>>>
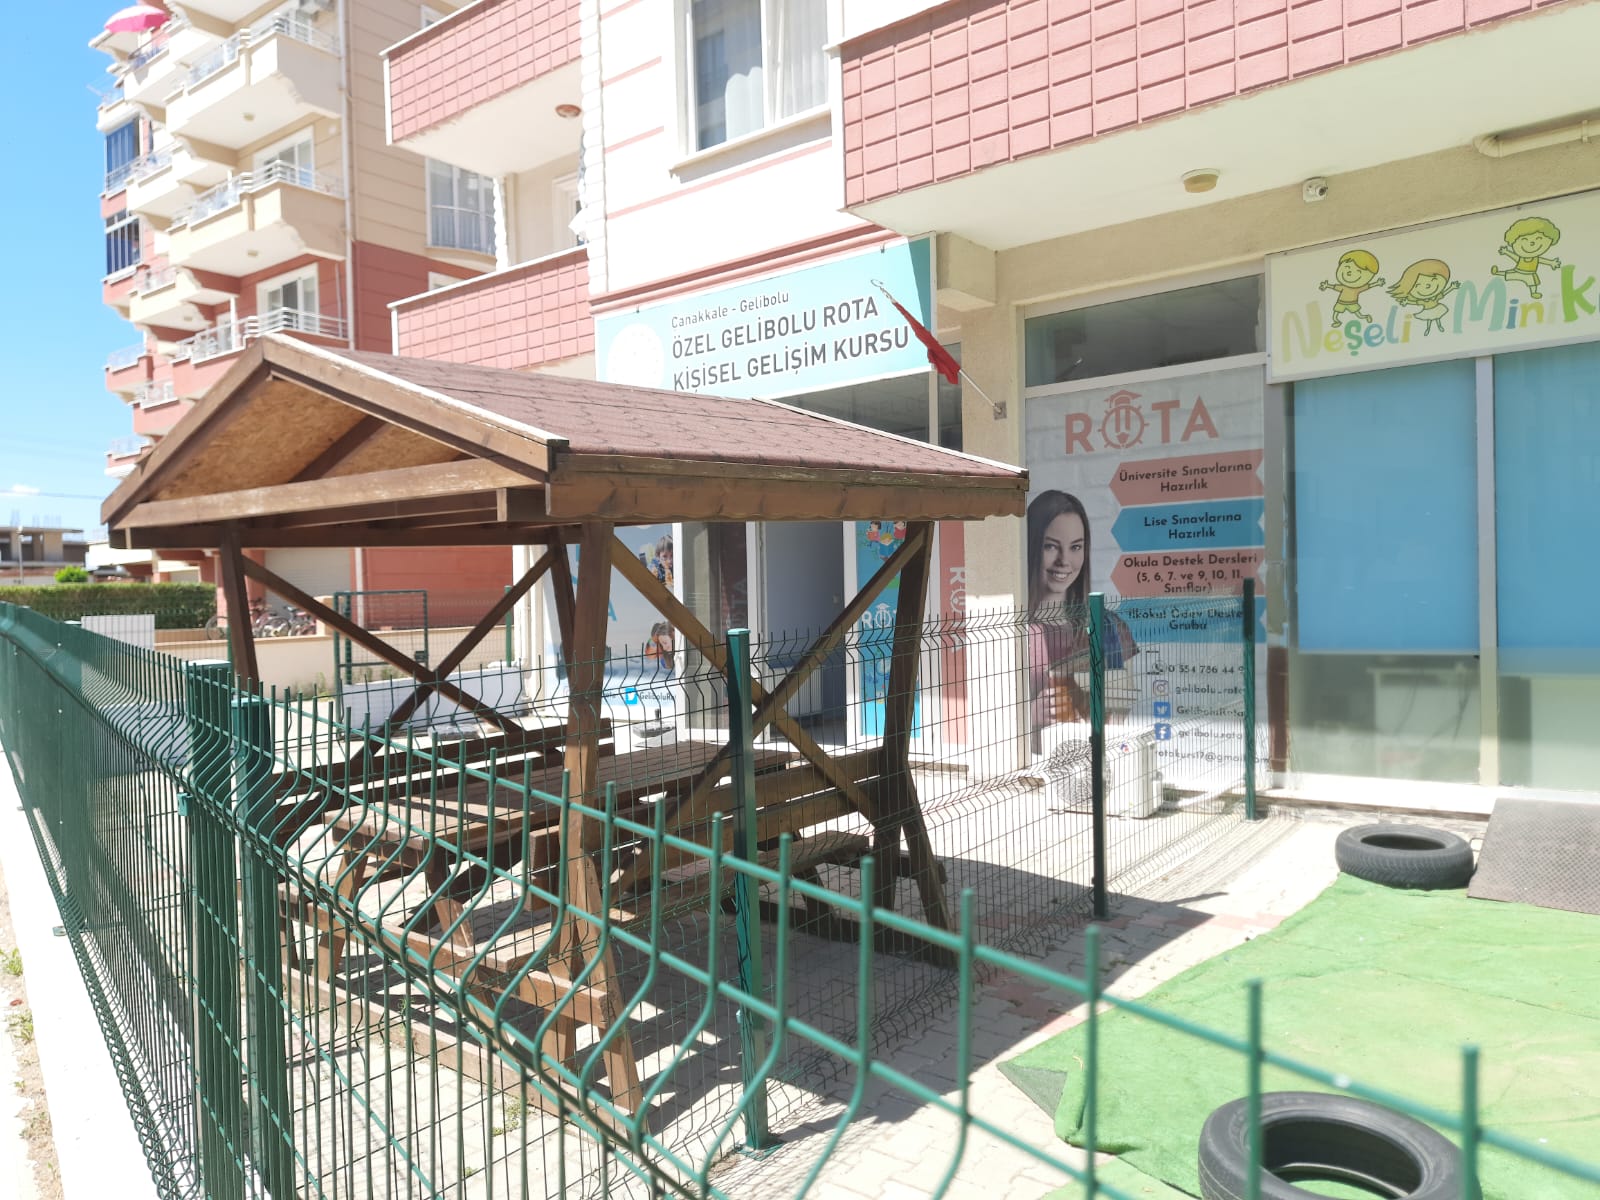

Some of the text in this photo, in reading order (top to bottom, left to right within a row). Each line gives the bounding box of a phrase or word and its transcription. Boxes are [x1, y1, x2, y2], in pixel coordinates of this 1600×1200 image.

[740, 291, 789, 313] Gelibolu
[672, 296, 878, 359] ÖZEL GELİBOLU ROTA
[1280, 300, 1415, 364] Neşeli
[673, 326, 909, 393] KİŞİSEL GELİŞİM KURSU
[1065, 392, 1219, 454] ROTA
[1119, 462, 1253, 482] Üniversite Sınavlarına
[1160, 478, 1208, 492] Hazırlık
[1143, 512, 1242, 527] Lise Sınavlarına
[1168, 526, 1216, 539] Hazırlık
[1123, 552, 1257, 568] Okula Destek Dersleri
[1136, 572, 1150, 583] (5,
[1180, 573, 1194, 581] ve
<<<
● **Work item**: The pictures are to be omitted, and the rest of the listing is to be transcribed exactly.

● **Your response**:
Some of the text in this photo, in reading order (top to bottom, left to right within a row). Each line gives the bounding box of a phrase or word and its transcription. Boxes are [x1, y1, x2, y2], in pixel coordinates of this 1600×1200 image.

[740, 291, 789, 313] Gelibolu
[672, 296, 878, 359] ÖZEL GELİBOLU ROTA
[1280, 300, 1415, 364] Neşeli
[673, 326, 909, 393] KİŞİSEL GELİŞİM KURSU
[1065, 392, 1219, 454] ROTA
[1119, 462, 1253, 482] Üniversite Sınavlarına
[1160, 478, 1208, 492] Hazırlık
[1143, 512, 1242, 527] Lise Sınavlarına
[1168, 526, 1216, 539] Hazırlık
[1123, 552, 1257, 568] Okula Destek Dersleri
[1136, 572, 1150, 583] (5,
[1180, 573, 1194, 581] ve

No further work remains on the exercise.